::: Data for this task
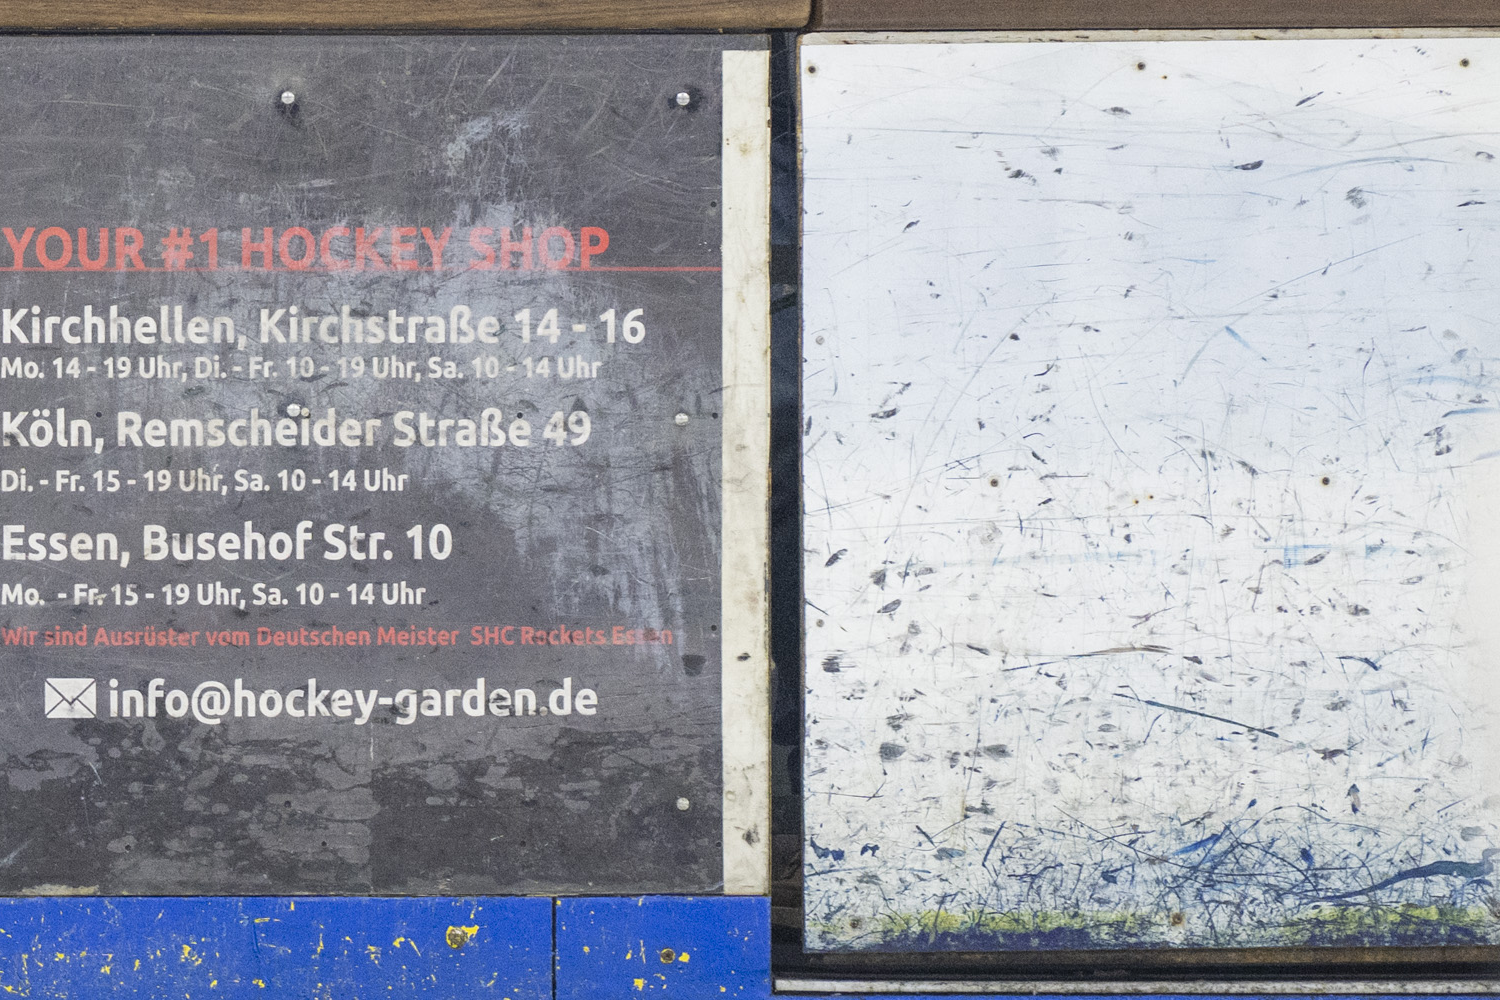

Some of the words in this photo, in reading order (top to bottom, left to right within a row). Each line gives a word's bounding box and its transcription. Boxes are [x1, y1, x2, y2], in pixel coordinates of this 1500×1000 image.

[2, 227, 147, 271] YOUR
[161, 227, 219, 271] #1
[241, 227, 453, 271] HOCKEY
[469, 227, 611, 271] SHOP
[2, 304, 247, 351] Kirchhellen,
[260, 304, 501, 344] Kirchstraße
[514, 308, 562, 344] 14
[599, 308, 647, 344] 16
[0, 356, 46, 380] Mo.
[52, 356, 81, 380] 14
[103, 356, 132, 380] 19
[139, 355, 188, 384] Uhr,
[194, 356, 228, 380] Di.
[249, 356, 278, 380] Fr.
[286, 356, 315, 380] 10
[336, 356, 366, 380] 19
[372, 355, 422, 384] Uhr,
[427, 356, 464, 380] Sa.
[472, 356, 500, 380] 10
[523, 356, 551, 380] 14
[557, 355, 603, 380] Uhr
[2, 407, 105, 454] Köln,
[117, 407, 382, 447] Remscheider
[393, 407, 532, 447] Straße
[542, 410, 592, 447] 49
[0, 467, 34, 492] Di.
[55, 469, 86, 492] Fr.
[93, 469, 121, 492] 15
[143, 469, 172, 492] 19
[178, 467, 229, 496] Uhr,
[234, 469, 271, 492] Sa.
[277, 469, 306, 492] 10
[328, 469, 358, 492] 14
[363, 467, 409, 492] Uhr
[2, 524, 131, 567] Essen,
[143, 520, 313, 561] Busehof
[323, 524, 394, 561] Str.
[405, 524, 453, 561] 10
[0, 583, 46, 606] Mo.
[73, 583, 103, 606] Fr.
[110, 583, 139, 606] 15
[161, 583, 191, 606] 19
[196, 581, 246, 610] Uhr,
[252, 583, 289, 606] Sa.
[295, 583, 325, 606] 10
[346, 583, 376, 606] 14
[381, 581, 427, 606] Uhr
[1, 625, 39, 647] Wir
[44, 625, 88, 647] sind
[94, 625, 201, 647] Ausrüster
[204, 630, 251, 647] vom
[256, 625, 371, 647] Deutschen
[376, 625, 460, 647] Meister
[470, 625, 516, 647] SHC
[521, 625, 607, 647] Rockets
[108, 677, 598, 726] info@hockey-garden.de
::::::
Wherever an image appears, omit it; copy the rest of the records exactly.

Some of the words in this photo, in reading order (top to bottom, left to right within a row). Each line gives a word's bounding box and its transcription. Boxes are [x1, y1, x2, y2], in pixel coordinates of this 1500×1000 image.

[2, 227, 147, 271] YOUR
[161, 227, 219, 271] #1
[241, 227, 453, 271] HOCKEY
[469, 227, 611, 271] SHOP
[2, 304, 247, 351] Kirchhellen,
[260, 304, 501, 344] Kirchstraße
[514, 308, 562, 344] 14
[599, 308, 647, 344] 16
[0, 356, 46, 380] Mo.
[52, 356, 81, 380] 14
[103, 356, 132, 380] 19
[139, 355, 188, 384] Uhr,
[194, 356, 228, 380] Di.
[249, 356, 278, 380] Fr.
[286, 356, 315, 380] 10
[336, 356, 366, 380] 19
[372, 355, 422, 384] Uhr,
[427, 356, 464, 380] Sa.
[472, 356, 500, 380] 10
[523, 356, 551, 380] 14
[557, 355, 603, 380] Uhr
[2, 407, 105, 454] Köln,
[117, 407, 382, 447] Remscheider
[393, 407, 532, 447] Straße
[542, 410, 592, 447] 49
[0, 467, 34, 492] Di.
[55, 469, 86, 492] Fr.
[93, 469, 121, 492] 15
[143, 469, 172, 492] 19
[178, 467, 229, 496] Uhr,
[234, 469, 271, 492] Sa.
[277, 469, 306, 492] 10
[328, 469, 358, 492] 14
[363, 467, 409, 492] Uhr
[2, 524, 131, 567] Essen,
[143, 520, 313, 561] Busehof
[323, 524, 394, 561] Str.
[405, 524, 453, 561] 10
[0, 583, 46, 606] Mo.
[73, 583, 103, 606] Fr.
[110, 583, 139, 606] 15
[161, 583, 191, 606] 19
[196, 581, 246, 610] Uhr,
[252, 583, 289, 606] Sa.
[295, 583, 325, 606] 10
[346, 583, 376, 606] 14
[381, 581, 427, 606] Uhr
[1, 625, 39, 647] Wir
[44, 625, 88, 647] sind
[94, 625, 201, 647] Ausrüster
[204, 630, 251, 647] vom
[256, 625, 371, 647] Deutschen
[376, 625, 460, 647] Meister
[470, 625, 516, 647] SHC
[521, 625, 607, 647] Rockets
[108, 677, 598, 726] info@hockey-garden.de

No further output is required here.